- EXERCISE DETAILS
Write the records out again without change. Leave the pictures behind.
BEGIN
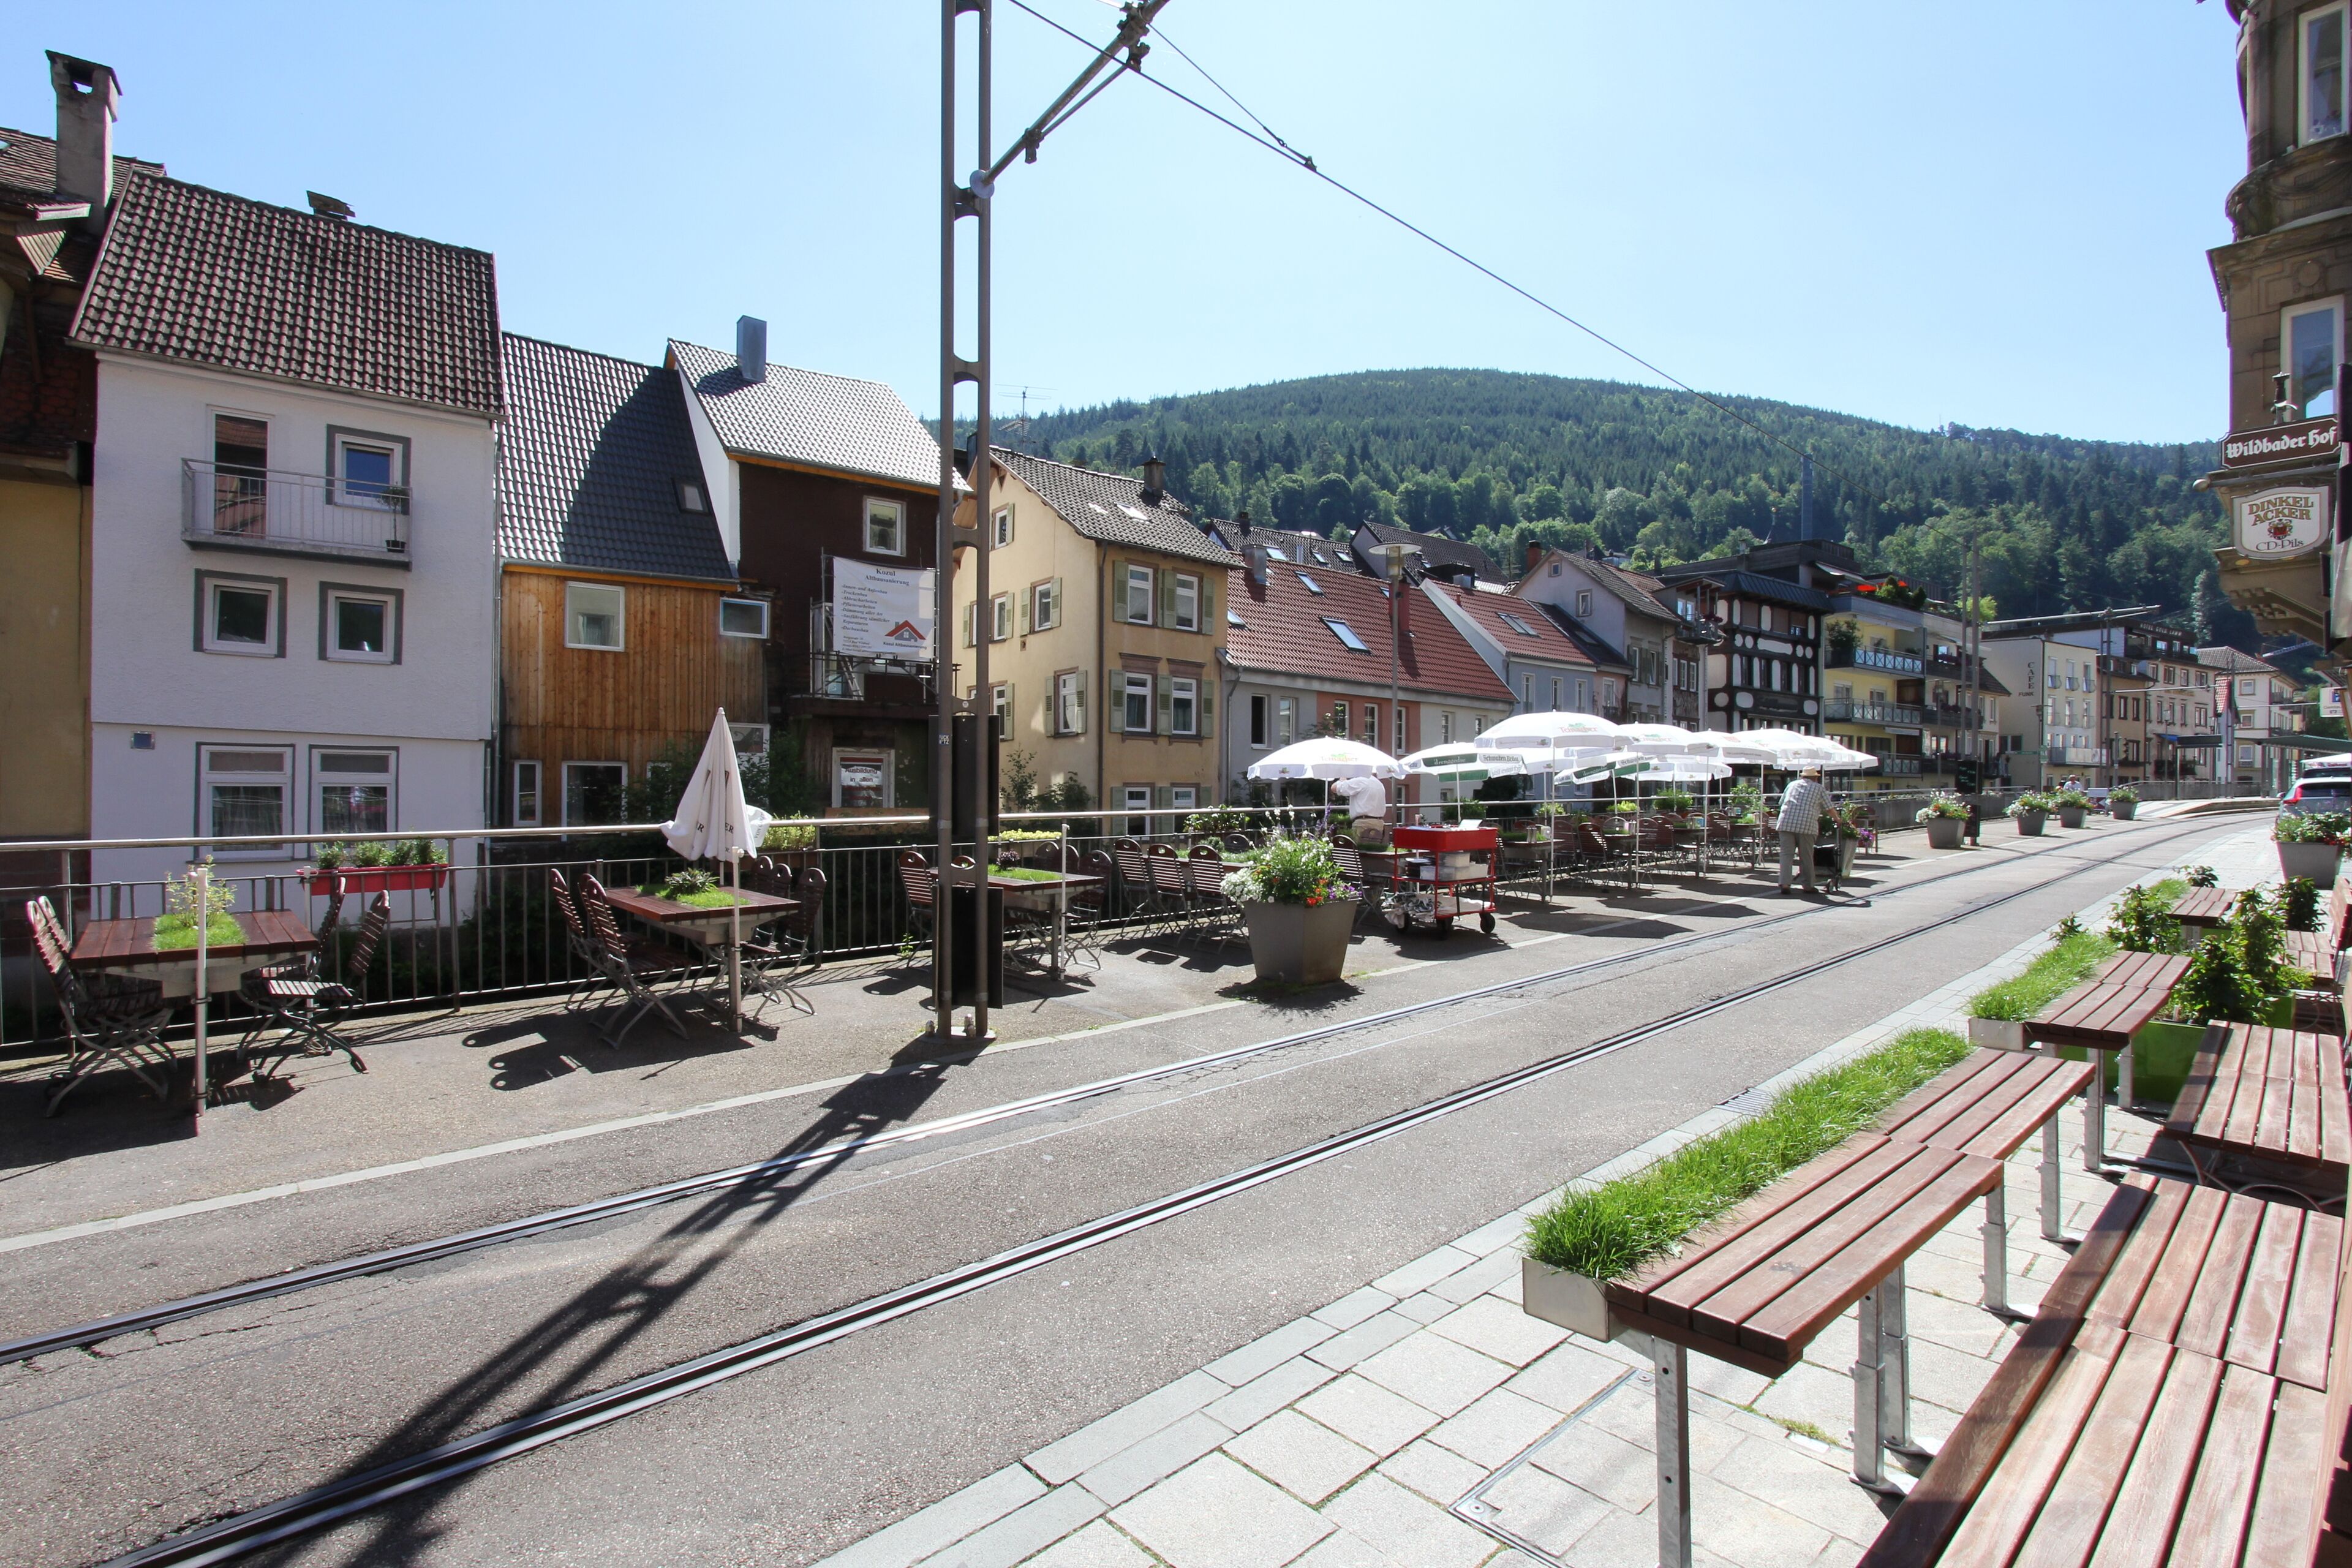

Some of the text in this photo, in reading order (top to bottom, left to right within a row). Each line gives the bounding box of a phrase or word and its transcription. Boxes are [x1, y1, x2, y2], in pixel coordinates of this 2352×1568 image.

[2226, 426, 2337, 459] Wildbader Hof
[2248, 495, 2313, 516] DINKEL
[2252, 508, 2312, 527] ACKER
[2256, 538, 2304, 552] CD-Pils
[865, 575, 910, 586] Altbausanierung
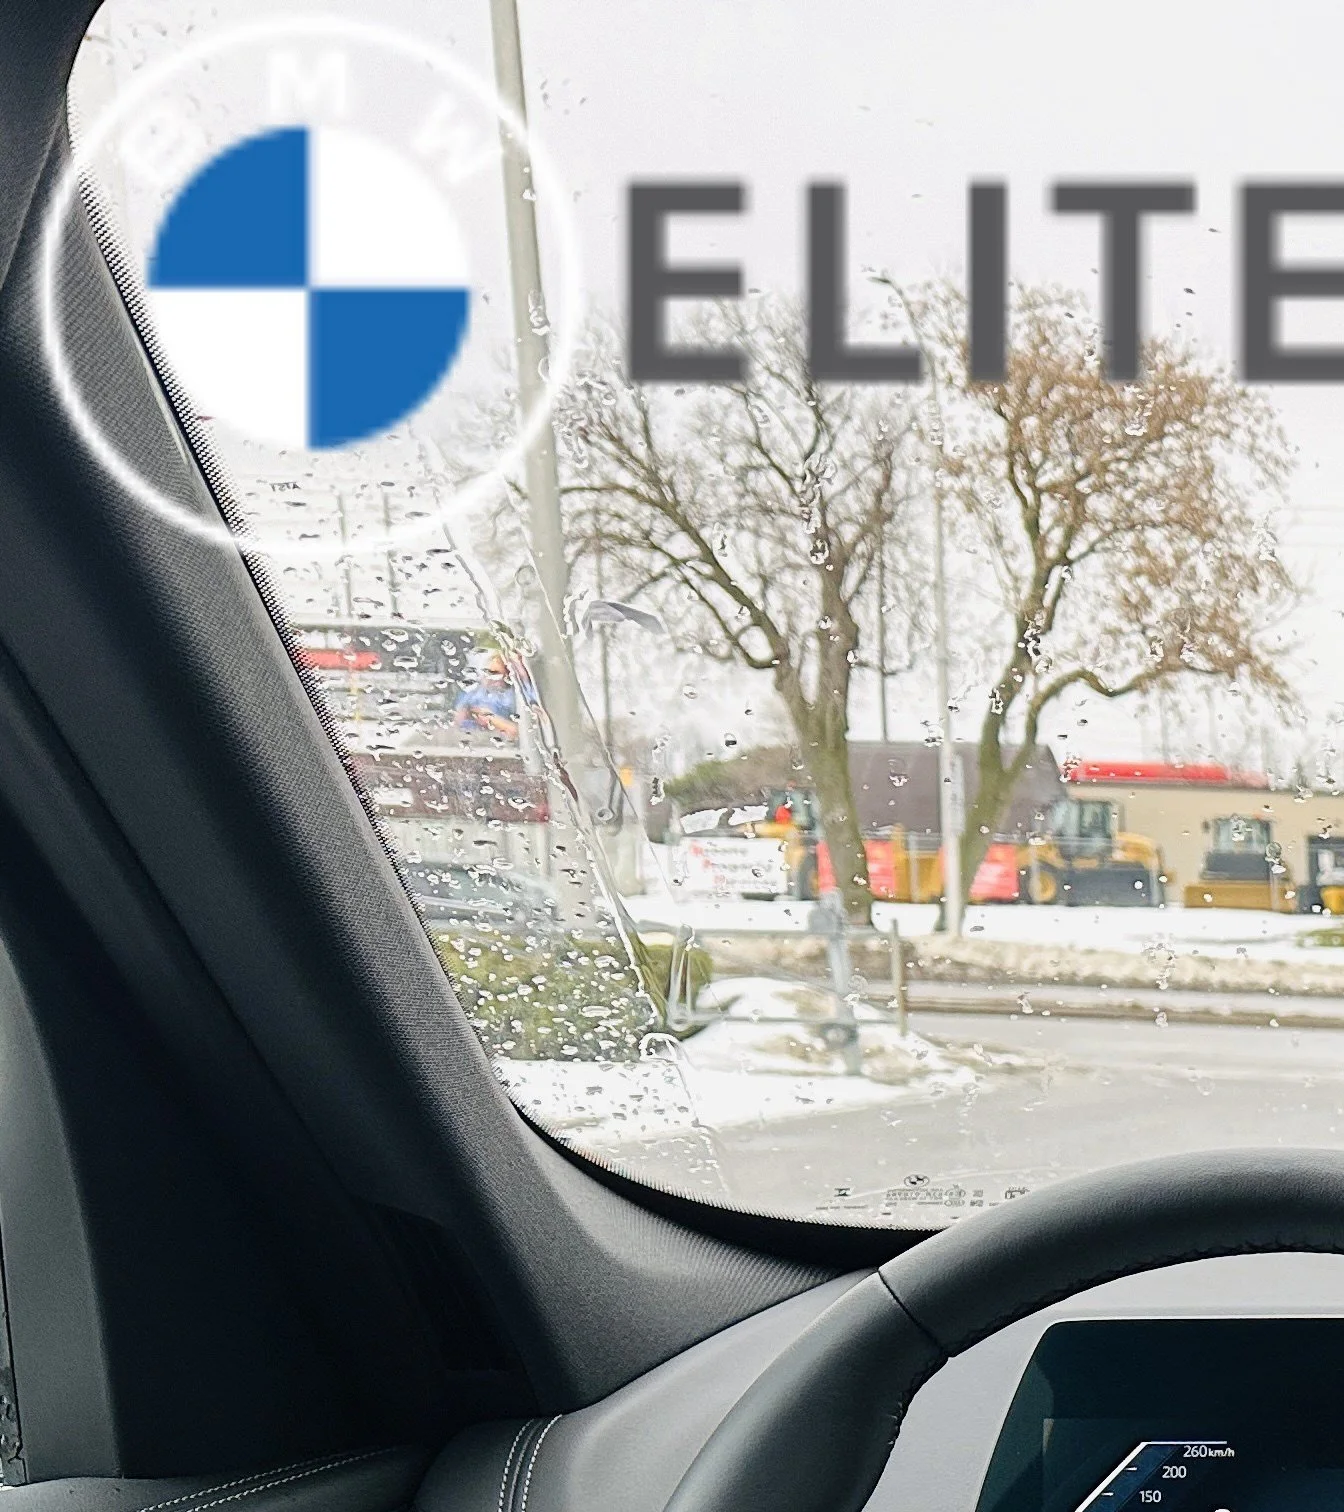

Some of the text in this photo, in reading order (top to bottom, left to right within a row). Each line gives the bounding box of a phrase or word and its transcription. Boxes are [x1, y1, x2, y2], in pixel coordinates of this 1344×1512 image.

[1183, 1445, 1235, 1458] 260 km/h
[1162, 1466, 1187, 1479] 200
[1139, 1490, 1162, 1503] 150
END
- OUTPUT OF THE TASK
Some of the text in this photo, in reading order (top to bottom, left to right within a row). Each line gives the bounding box of a phrase or word and its transcription. Boxes are [x1, y1, x2, y2], in pixel coordinates of this 2352×1568 image.

[2226, 426, 2337, 459] Wildbader Hof
[2248, 495, 2313, 516] DINKEL
[2252, 508, 2312, 527] ACKER
[2256, 538, 2304, 552] CD-Pils
[865, 575, 910, 586] Altbausanierung

Some of the text in this photo, in reading order (top to bottom, left to right within a row). Each line gives the bounding box of a phrase or word and its transcription. Boxes are [x1, y1, x2, y2], in pixel coordinates of this 1344×1512 image.

[1183, 1445, 1235, 1458] 260 km/h
[1162, 1466, 1187, 1479] 200
[1139, 1490, 1162, 1503] 150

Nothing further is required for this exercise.